Agata R znam twój ból porządków...w niedziele chrzciny więc trzeba dom ogarnąć, zakupy itp.
dzisiaj od rana pofarbowałam sobie włoski więc czuje się o niebo lepiej
zolza spokojnie dasz sobie radę :* wszystko kwestia organizacji a wyrobisz sobie ją z czasem
jak się ma dwoje dzieci t przynajmniej ta organizacja jest jeszcze lepsza. Ja na 100% więcej dzieci już mieć nie chcę...starczą mi te dwa kochane szkraby..teraz chce skupić się na ukończeniu studiów i chce iść w końcu do pracy...
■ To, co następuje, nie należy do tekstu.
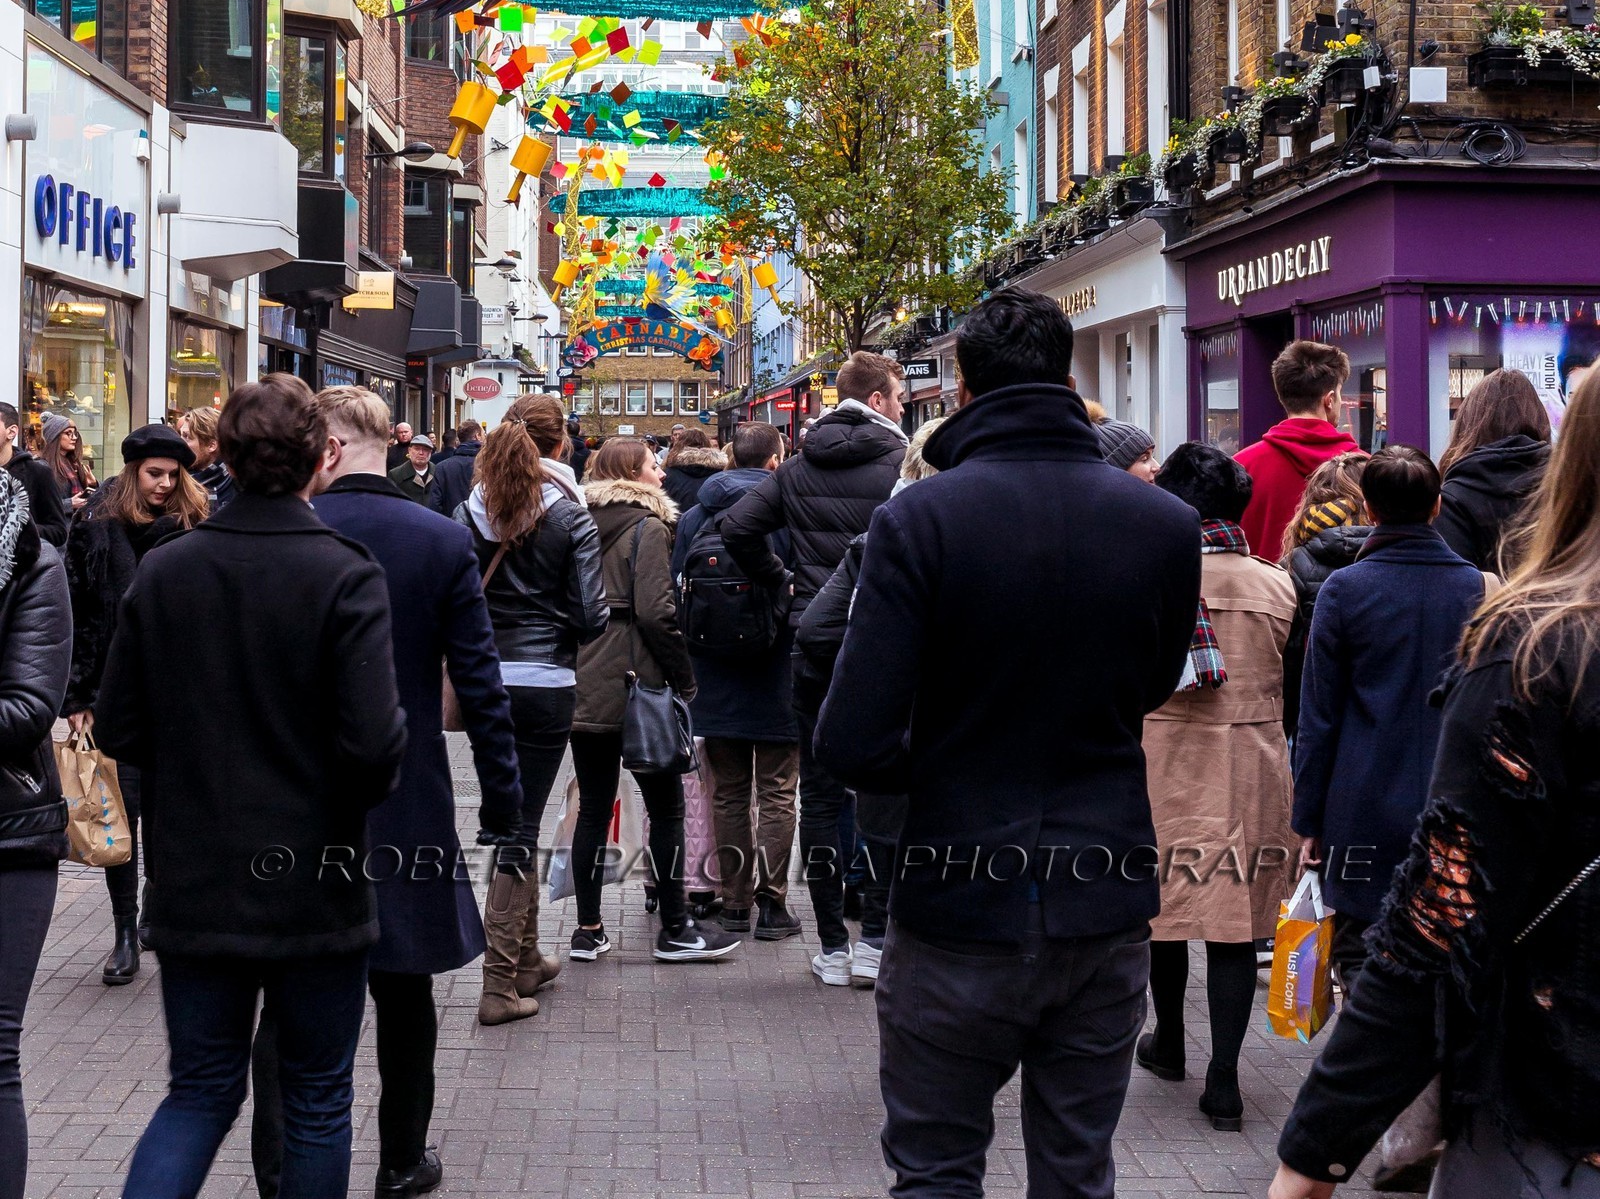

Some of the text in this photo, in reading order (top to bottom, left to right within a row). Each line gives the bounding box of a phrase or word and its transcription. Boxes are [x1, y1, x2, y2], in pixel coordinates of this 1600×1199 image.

dzisiaj od rana pofarbowałam sobie włoski więc czuje się o niebo lepiej
zolza spokojnie dasz sobie radę :* wszystko kwestia organizacji a wyrobisz sobie ją z czasem
a Zuzia stwierdziła że nie będzie gorsza i też w ryk. Ciekawe czy jak podrosną też będą takie solidarne. Przy wyjściu do przedszkola zauważyłam że szanowny małżonek nie raczył wyjąć z kosza wózkowego tego co tam zalega
(widocznie stwierdził że na zakupach przydadzą mi się kalosze Julki a ja zakupy poniosę sobie w rączkach), nie wspomnę już o tym że o cokolwiek go poproszę to obiecuje że będzie zrobione a wychodzi "kazał pan musiał sam". A ja mam dużo pracy bo w sobotę wyprawiam jego imieniny a tu nie wiadomo w co ręce włożyć. I jak na złość mała wcale nie chce spać (czy Wasze maluchy które przesypiają całą noc tylko z przerwą na karmienie tez nie śpią wcale w dzień?) więc biegam góra (pokój) - dół (kuchnia). W kuchni nie mam jej w czym ułożyć a od nosidełka ramiona bolą i nie widzę deski do krojenia a muszę zrobić sałatki...ehhh to ponarzekałam...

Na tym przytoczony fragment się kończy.